The two-year term for NAA has been specified only in the anti-profiteering rules rather than in the central or state GST Acts, making an extension of term easier, said another government official on condition of anonymity.
The GST Council’s tax rate revisions were in response to changing consumer patterns, as well as to accommodate populist sentiments ahead of crucial state elections.
On 21 July, the council slashed tax rates on several commodities, including refrigerators, television sets and air conditioners, from 28% to 18%.
Since the roll-out of the tax reform in July 2017, tax rates of 384 goods and 68 services have been cut, leading to a revenue loss of more than ₹70,000 crore to the exchequer.
The eventual aim of the government is to bring down the number of slabs under indirect tax structure from five to three and to do away with the 28% slab or make it as lean as possible.
Over the last 15 months, the GST Council has strived to reduce the number of items in the 28% slab. The share of items in the slab has come down from more than 17% at the time of GST’s rollout to 3% after the last round of rate cuts in July this year.

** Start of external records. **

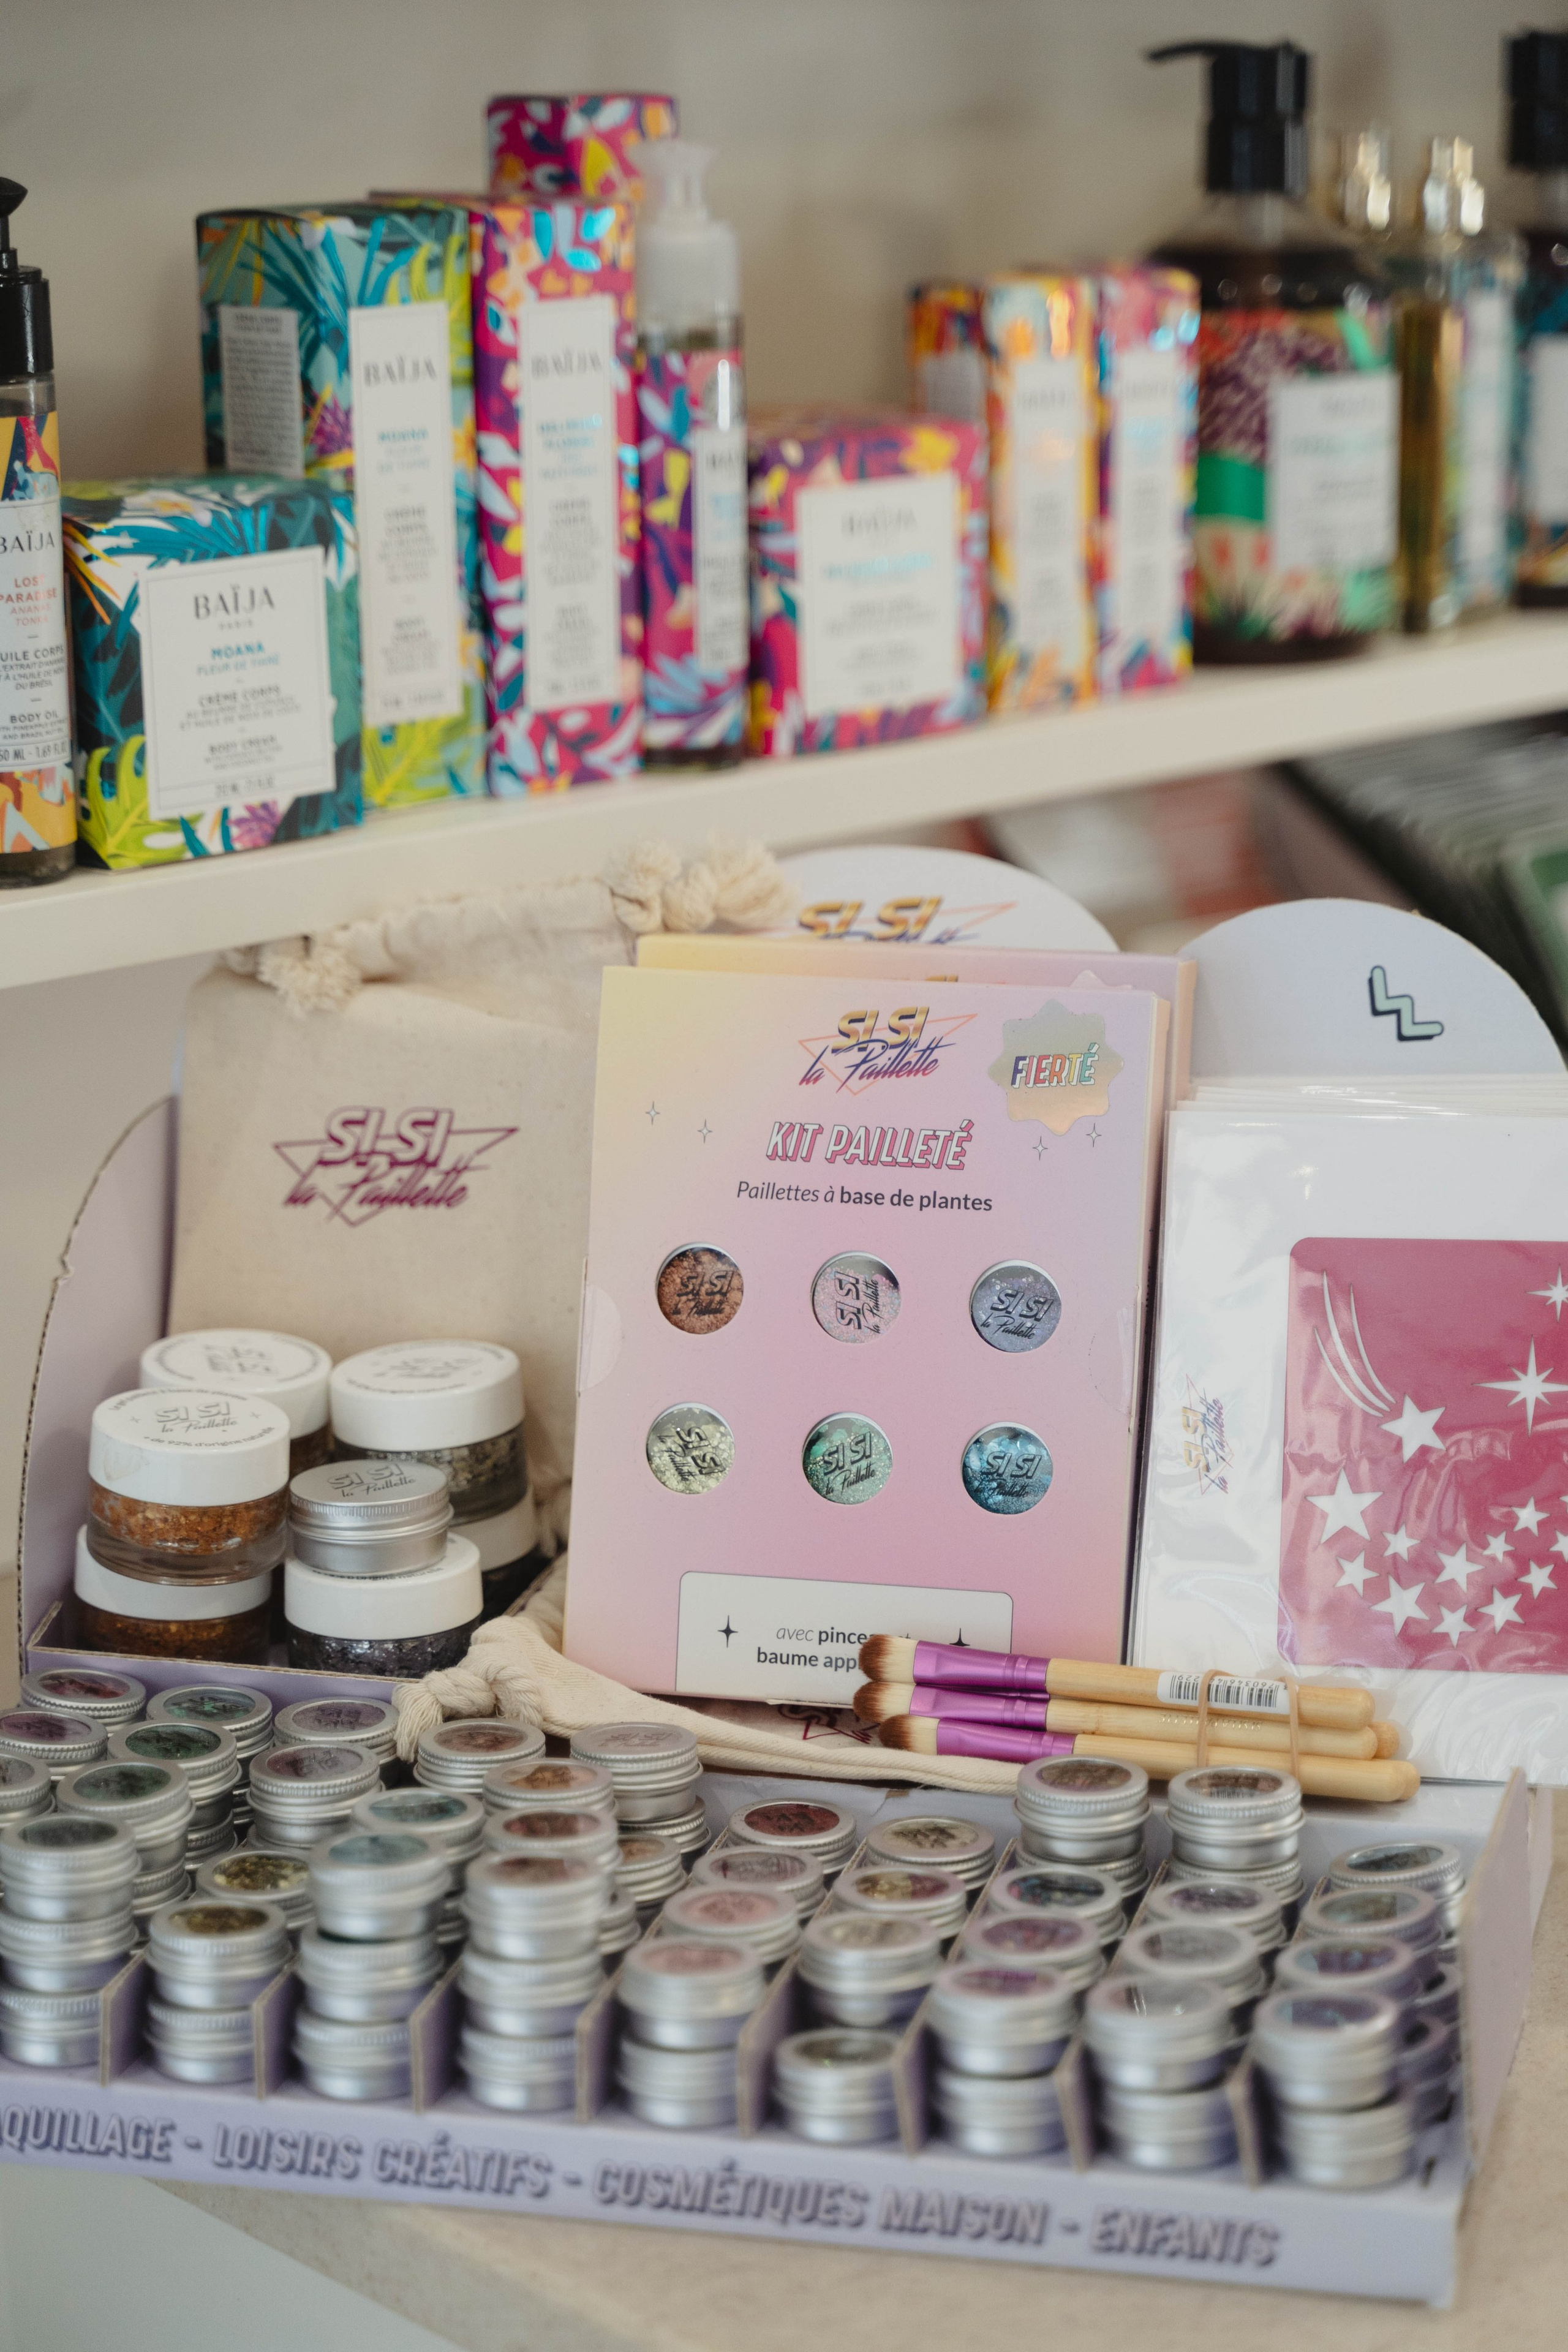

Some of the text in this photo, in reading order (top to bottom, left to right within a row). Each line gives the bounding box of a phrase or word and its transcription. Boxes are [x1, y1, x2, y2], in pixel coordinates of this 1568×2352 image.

[194, 583, 274, 620] BAÏJA
[34, 644, 64, 660] CORPS
[211, 641, 265, 660] MOANA
[0, 662, 37, 673] 'EXTRAIT
[15, 682, 28, 691] DU
[10, 709, 59, 725] BODY OIL
[13, 747, 26, 761] ML
[831, 1006, 930, 1054] SI SI
[799, 1035, 957, 1095] la Paillette
[1011, 1042, 1101, 1089] FIERTÉ
[766, 1118, 974, 1171] KIT PAILLETÉ
[737, 1181, 993, 1212] Paillettes à base de plantes
[705, 1269, 734, 1297] SI
[834, 1270, 862, 1330] SI SI
[861, 1276, 884, 1324] Paillette
[990, 1288, 1054, 1322] SI SI
[980, 1311, 1041, 1340] la Paillette
[155, 1401, 231, 1423] SI SI
[162, 1416, 239, 1434] la Paillette
[195, 1438, 242, 1447] d'origine
[1182, 1406, 1210, 1473] SI SI
[1200, 1387, 1234, 1471] Paillette
[675, 1426, 726, 1475] SI SI
[823, 1430, 872, 1476] SI SI
[981, 1450, 1042, 1479] SI SI
[327, 1463, 404, 1490] SI SI
[341, 1476, 417, 1498] la Paillette
[832, 1461, 876, 1495] Paillette
[776, 1626, 876, 1646] avec pince
[756, 1647, 862, 1673] baume app
[1177, 1673, 1224, 1685] 44229
[1229, 1678, 1275, 1689] 760346
[213, 2121, 363, 2180] LOISIRS
[373, 2130, 555, 2200] CRÉATIFS
[592, 2155, 869, 2228] COSMÉTIQUES
[878, 2183, 1050, 2247] MAISON
[1091, 2209, 1281, 2269] ENFANTS
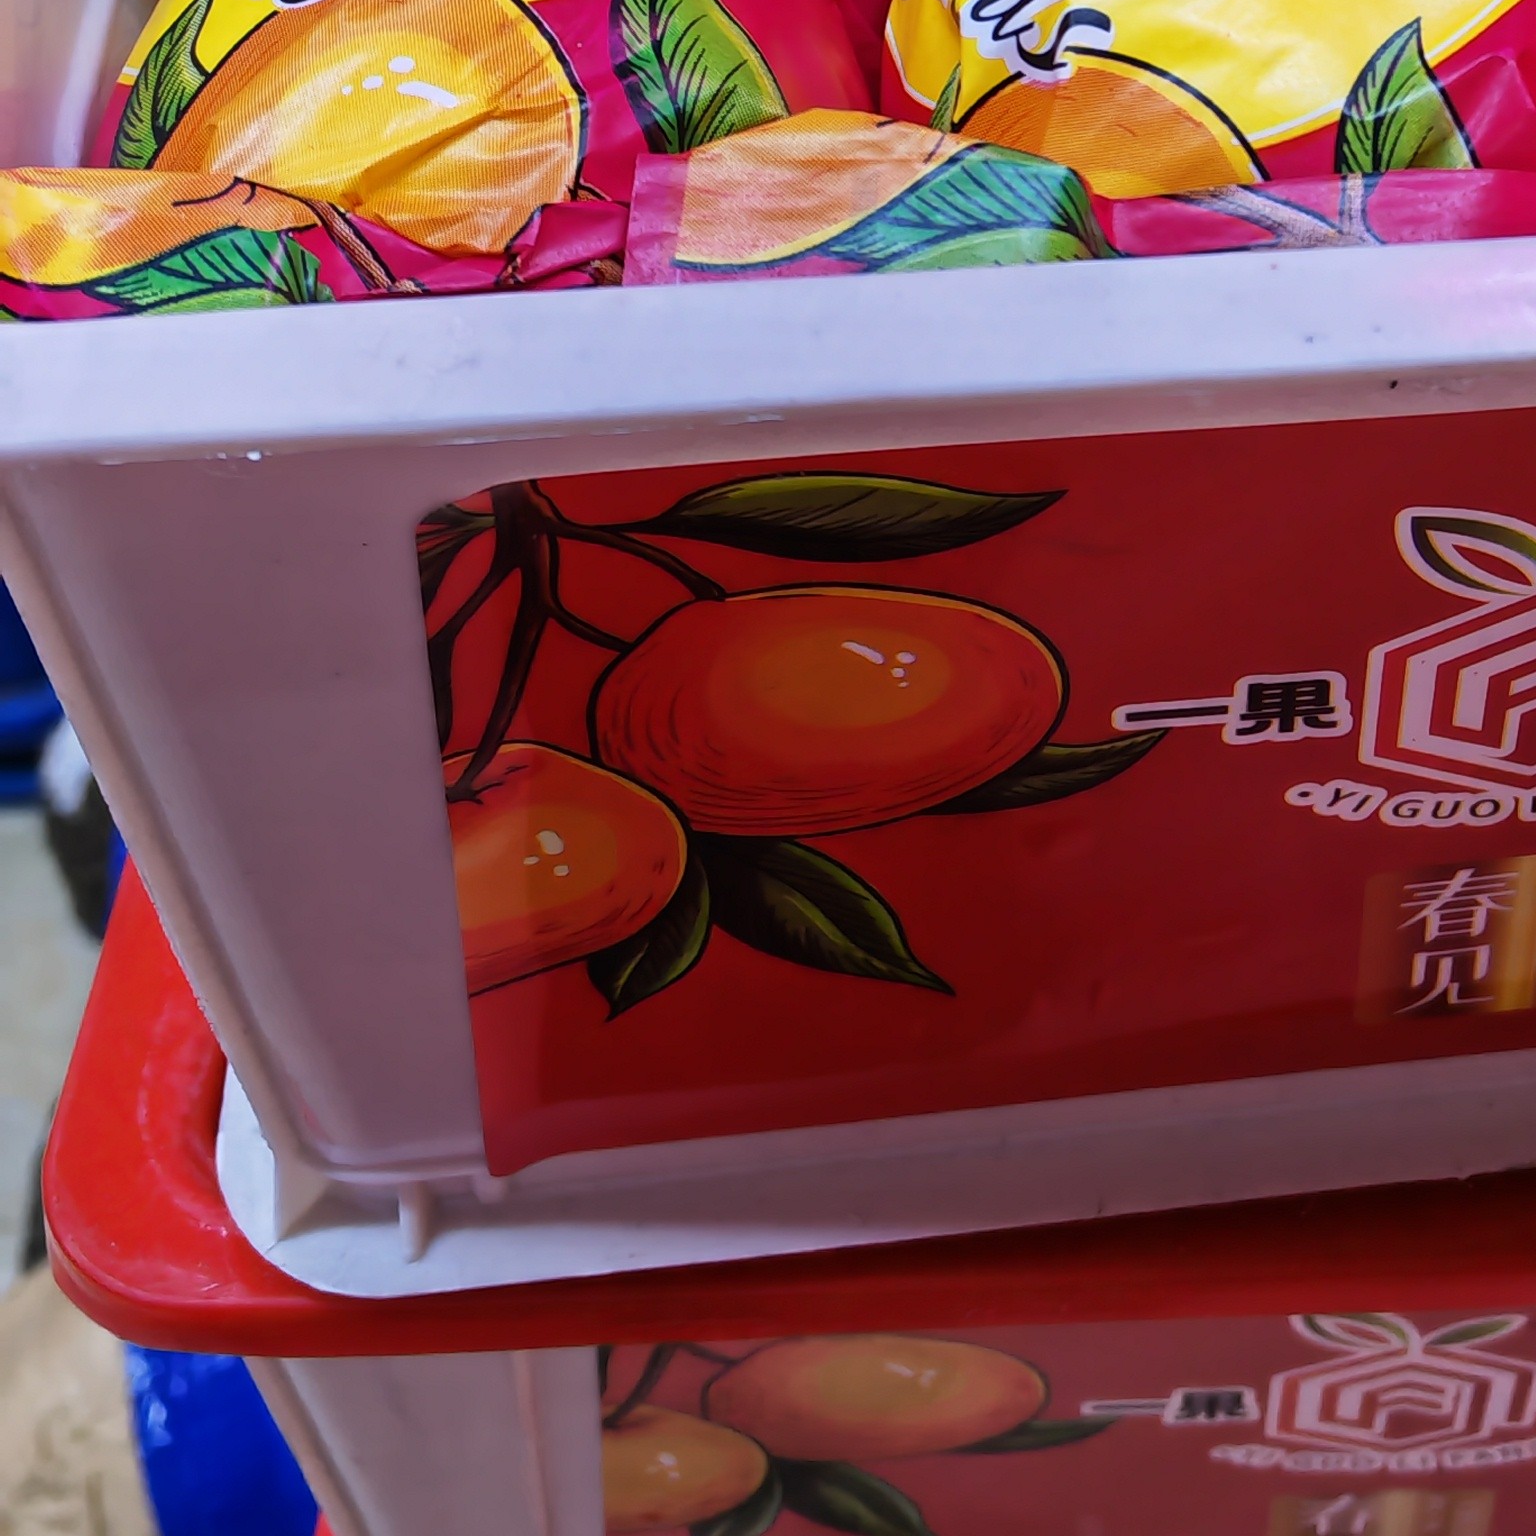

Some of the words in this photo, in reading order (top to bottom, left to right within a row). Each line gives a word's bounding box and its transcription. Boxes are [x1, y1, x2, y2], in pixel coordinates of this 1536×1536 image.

[1125, 678, 1338, 736] 一果
[1325, 786, 1374, 814] YI
[1392, 797, 1501, 820] GUO
[1394, 867, 1519, 1014] 春见
[1091, 1390, 1248, 1420] 一果
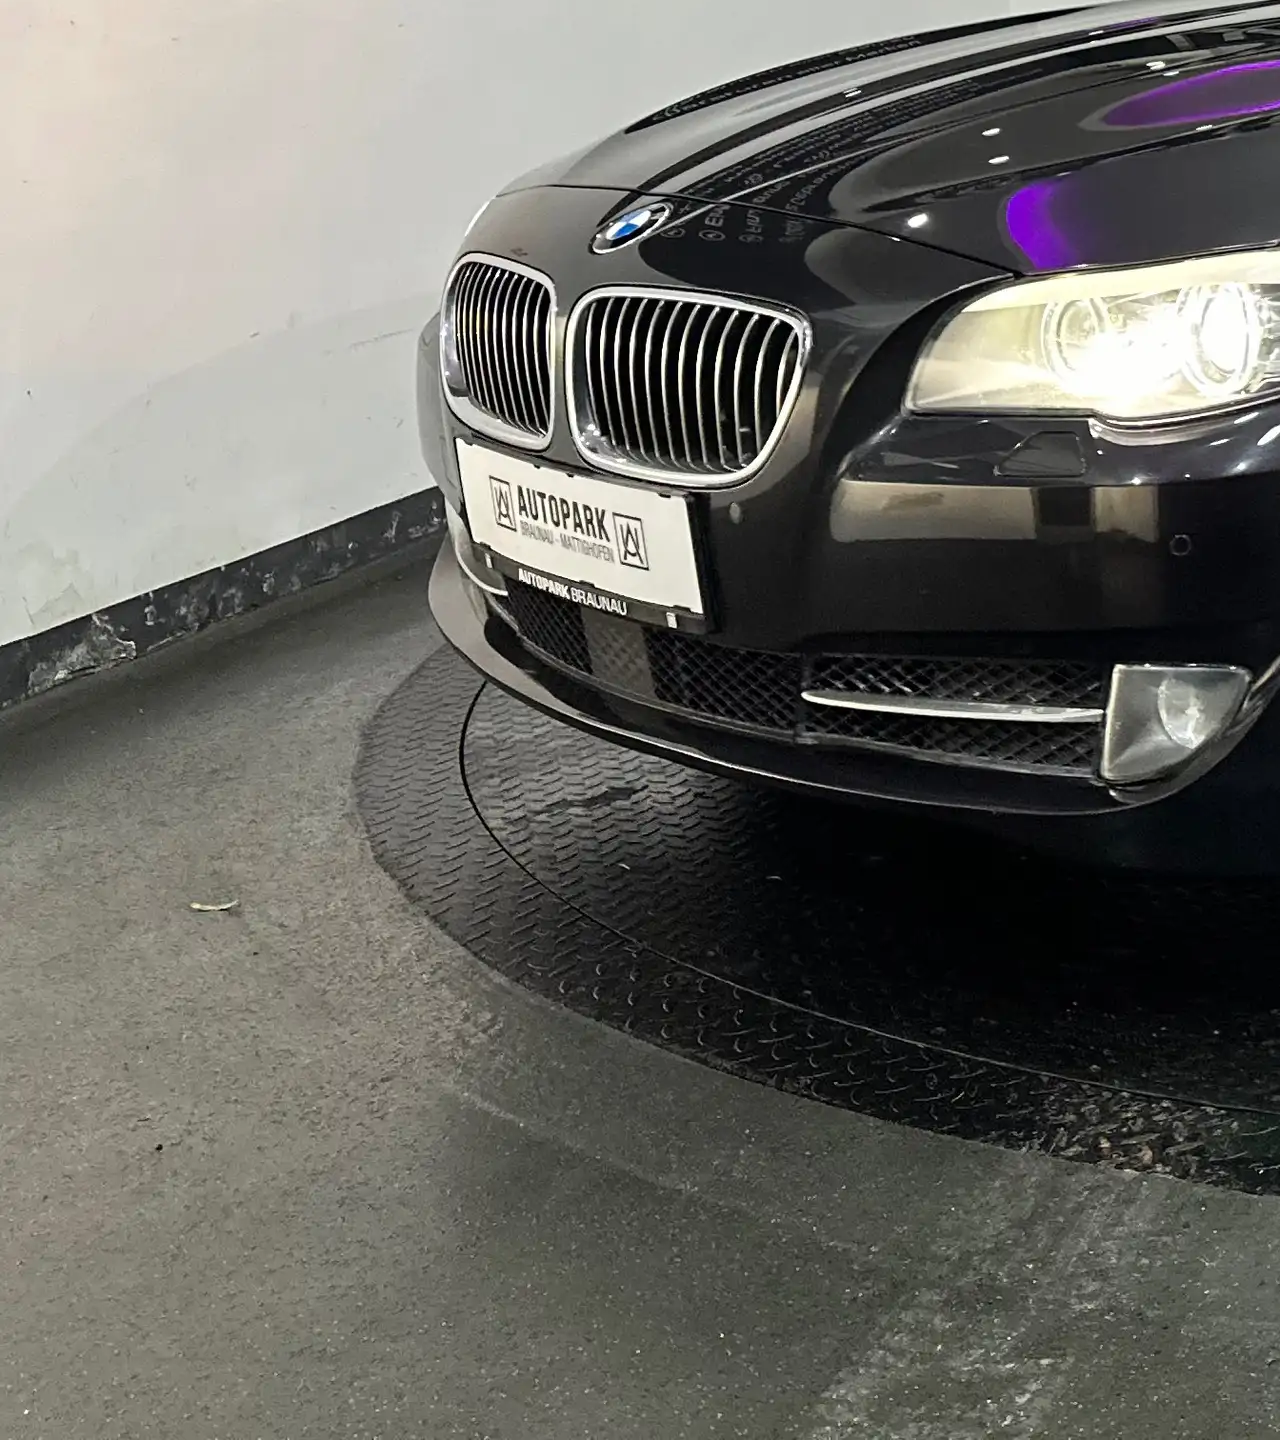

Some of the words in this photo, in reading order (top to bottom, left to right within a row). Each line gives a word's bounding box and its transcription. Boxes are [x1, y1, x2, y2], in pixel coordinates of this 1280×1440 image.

NAA follows a simple test to judge if benefit of tax cuts are passed on to consumers—comparing the prices of individual items or stock keeping units (SKUs) immediately before the tax cut and the price at which the item is sold after the tax revision. Industry players, however, find it easier to ensure compliance on the total output of the organization rather than on individual items. SKU refers to specific quantity of a particular product sold at a particular price, for example, 500 gram of a particular energy drink. A producer who lowers the price twice the extent the tax cuts warranted on one SKU, say 500 gram pack and none in a 200 gram pack, will still get caught for profiteering even if the company as a whole has passed on the benefit to consumers. That is because, consumers file complaints with respect to specific SKUs.